We’ve assumed that the data is in a variable called ‘x’. After running this piece of code, if you check the value of x, you’ll see that the three countries in the first column have been replaced by the numbers 0, 1, and 2.
That’s all label encoding is about. But depending on the data, label encoding introduces a new problem. For example, we have encoded a set of country names into numerical data. This is actually categorical data and there is no relation, of any kind, between the rows.
The problem here is since there are different numbers in the same column, the model will misunderstand the data to be in some kind of order, 0 < 1 < 2. But this isn’t the case at all. To overcome this problem, we use One Hot Encoder.
One Hot Encoder
If you’re interested in checking out the documentation, you can find it here. Now, as we already discussed, depending on the data we have, we might run into situations where, after label encoding, we might confuse our model into thinking that a column has data with some kind of order or hierarchy when we clearly don’t have it. To avoid this, we ‘OneHotEncode’ that column.
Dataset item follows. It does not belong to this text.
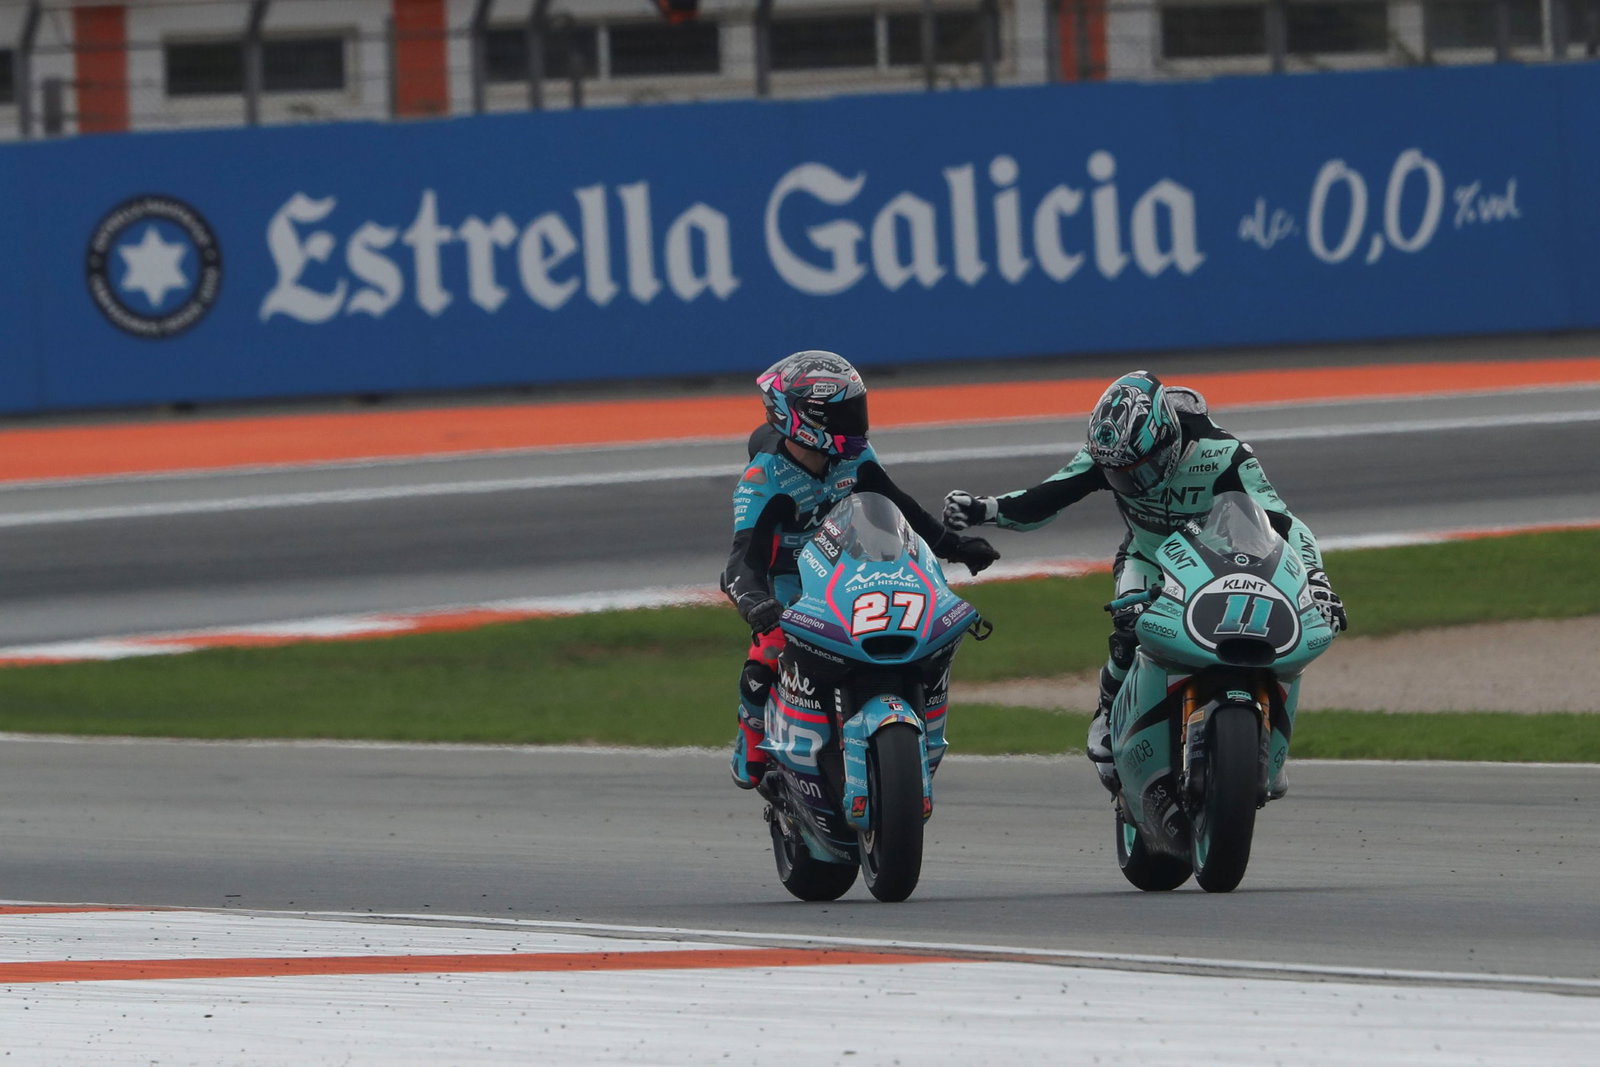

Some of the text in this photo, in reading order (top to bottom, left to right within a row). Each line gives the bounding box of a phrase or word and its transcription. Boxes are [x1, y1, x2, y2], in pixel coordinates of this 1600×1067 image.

What one hot encoding does is, it takes a column which has categorical data, which has been label encoded and then splits the column into multiple columns. The numbers are replaced by 1s and 0s, depending on which column has what value. In our example, we’ll get three new columns, one for each country — France, Germany, and Spain.
For rows which have the first column value as France, the ‘France’ column will have a ‘1’ and the other two columns will have ‘0’s. Similarly, for rows which have the first column value as Germany, the ‘Germany’ column will have a ‘1’ and the other two columns will have ‘0’s.
The Python code for one hot encoding is also pretty simple:
from sklearn.preprocessing import OneHotEncoder
onehotencoder = OneHotEncoder(categorical_features = [0])
x = onehotencoder.fit_transform(x).toarray()
As you can see in the constructor, we specify which column has to be one hot encoded, [0] in this case. Then we fit and transform the array ‘x’ with the onehotencoder object we just created. And that’s it, we now have three new columns in our dataset:
As you can see, we have three new columns with 1s and 0s, depending on the country that the rows represent.